A 33-year-old male livestock farmer was admitted to our hospital with high fever, night sweats, and back pain. Laboratory investigations revealed a white blood cell count of 7,500/uL, a C-reactive protein level of 68 mg/L, and an 80 mm/h erythrocyte sedimentation rate. Brucella Rose Bengal and Brucella Wright (1:320 titer) tests were positive. The lumbar magnetic resonance imaging findings were consistent with those of spondylodiscitis (Figure 1). Treatment with gentamicin, rifampicin, and doxycycline was initiated based on the diagnosis of Brucella spondylodiscitis. Gentamicin was discontinued after 1 week, and the patient was discharged on an outpatient basis.
Sagittal T2-weighted images with fat suppression (T2 AG) show hyperintense signal intensity, indicating spondylodiscitis.
On the fourth day of outpatient therapy, the patient returned with sore throat and dysphagia. Physical examination revealed multiple eroded white aphthous ulcers on the soft palate and uvula (Figure 2). Subsequent laryngoscopy and endoscopy revealed similar ulcerative lesions in the larynx and esophagus (Figure 3). The medication history showed that the patient was taking doxycycline in the supine position.

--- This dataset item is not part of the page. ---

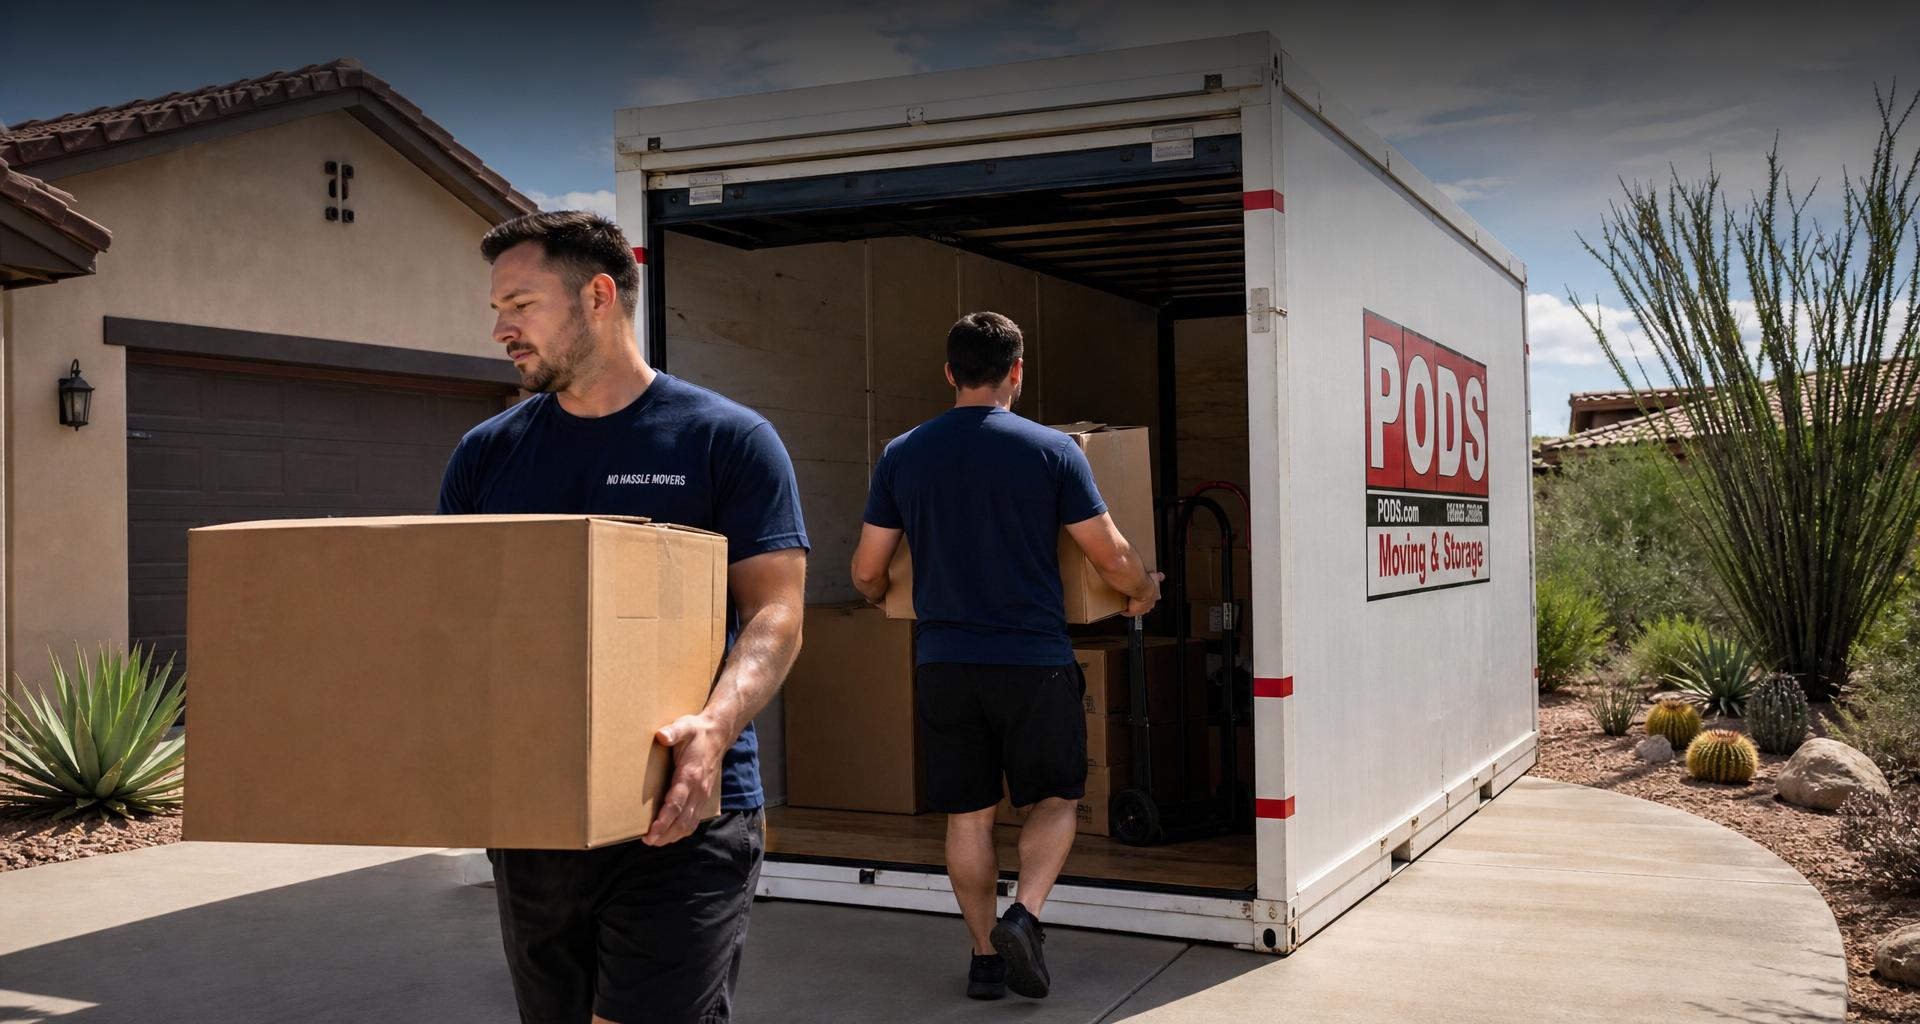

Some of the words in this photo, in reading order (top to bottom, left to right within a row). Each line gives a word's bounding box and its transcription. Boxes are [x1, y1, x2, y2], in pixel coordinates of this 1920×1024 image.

Post-discontinuation of the antimicrobial therapy, the patient was prescribed an oral lidocaine mouthwash along with instructions to drink ample fluids. After 1 week, the patient’s symptoms improved with lesion regression. The patient was advised to sit upright for ≥2 hours and drink plenty of fluids after taking doxycycline. The same oral treatment regimen was restarted. The patient completed the 12-week treatment course without further symptom recurrence.
Doxycycline-induced esophagitis is a well-documented adverse event1. Most cases are associated with taking the drug while lying down or inadequate fluid intake2.